Wednesday, February 07, 2007

It's dangerous to give maikopunk a ride home from school. Even though the ride lasts for just a few minutes, she does her best to earn her "EvilXine" nickname. Twice, recently, she has hypothesized about a certain classmates possible proclivity (it's a word...look it up) for nudity. I'm not sure if maiko's goal is to force me off the road, but she's nearly succeeded both times this topic has been discussed. Today's discussion led me to ponder if 'certain classmate' has written a story called "Saddle Sores". OUCH!

All this talk, inside and outside the car, in the hallways, in the washrooms, in the workroom and computer labs, has led me to believe that we are getting closer and closer to the breaking point.

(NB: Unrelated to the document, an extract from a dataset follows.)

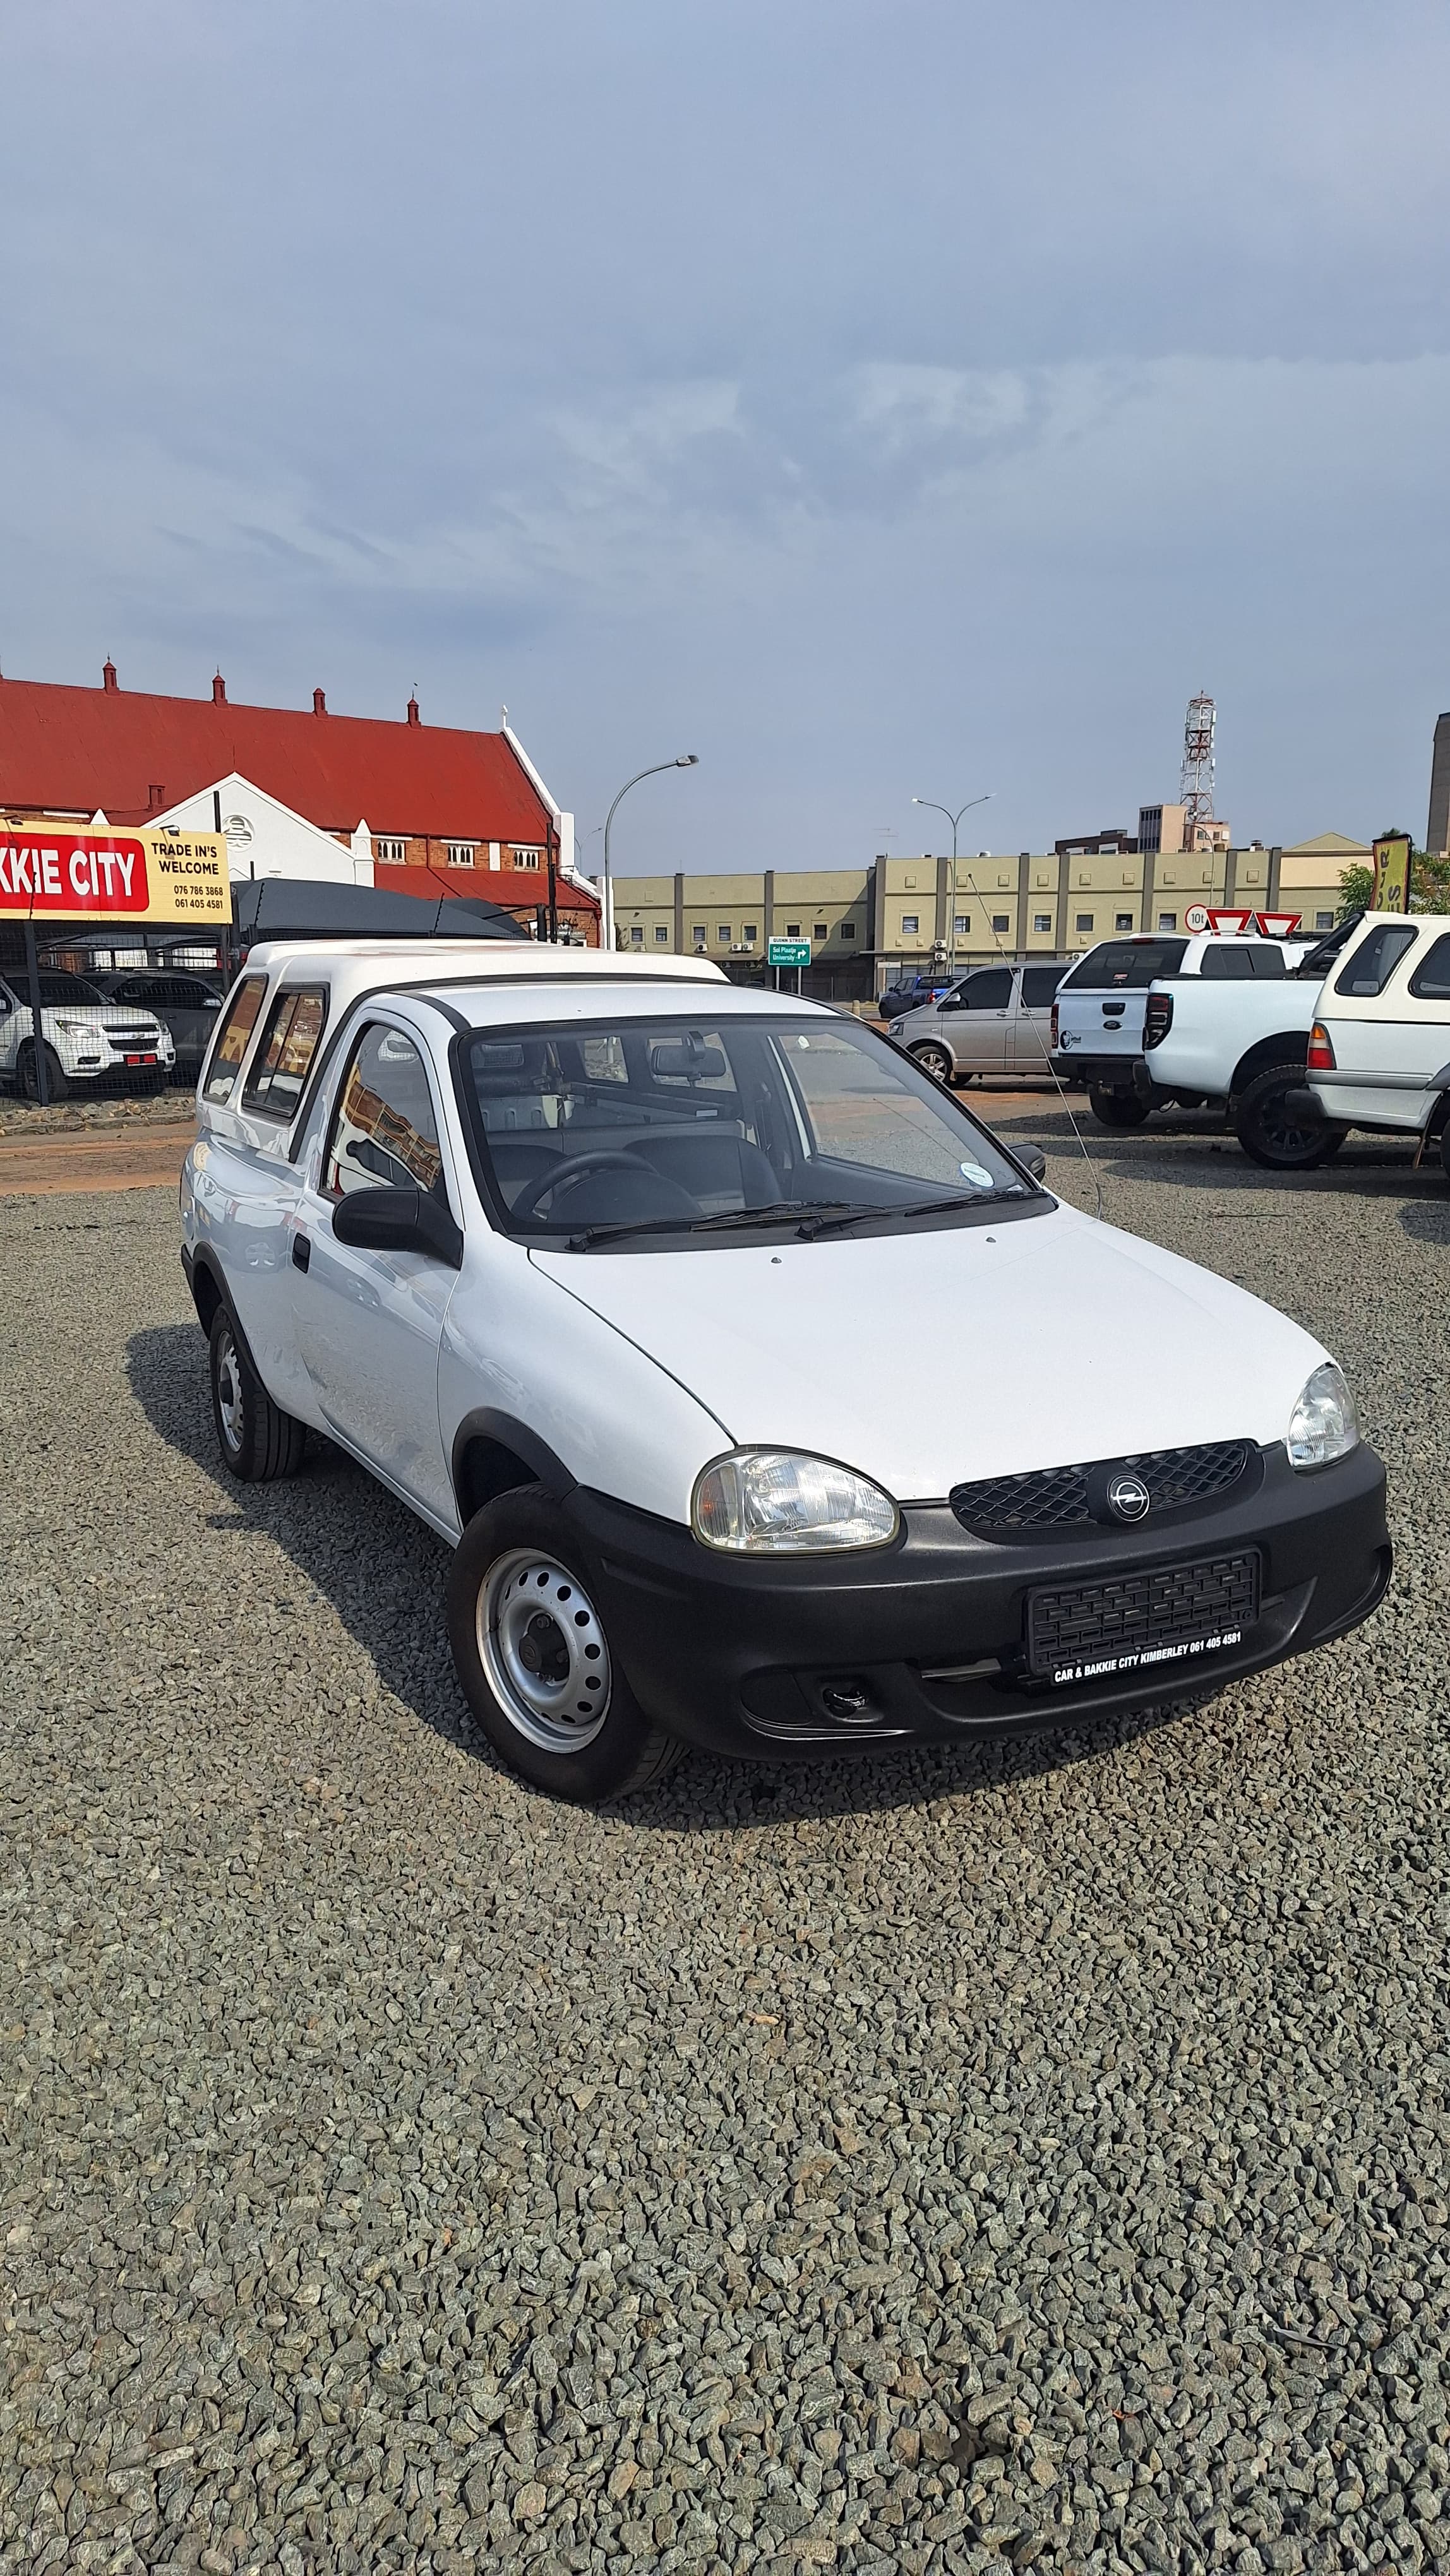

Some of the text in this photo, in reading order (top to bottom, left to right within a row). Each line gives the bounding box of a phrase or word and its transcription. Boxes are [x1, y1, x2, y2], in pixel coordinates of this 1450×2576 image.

Something or someone is going to give, and there will be a PRFU shakedown like no other, and our happy little group will fraction off into separate groups.

I have no need to worry. I like my little group of evil-doers. And besides, we've devised a little game to pass the time.

BINGO!

Tuesday, February 06, 2007

I wasn't going to do this again this year, but I can't not.

Today is the day that, four years ago, my sister died of skin cancer. She was too young and died needlessly.

I've added a few photos this year. The first one was taken during our first trip to Disneyland. I believe that we were on the Storybookland Boats (or something like that).


The second two were taken, well, 14 years ago, when we went to Walt Disney World with a friend. The photo on the left was taken on the riverboat; the photo on the right was taken on the
gondola. We were wearing awesome sunglasses (and I had hair).



I don't know if we were wearing sunscreen in any of these photos. Please make sure that you do.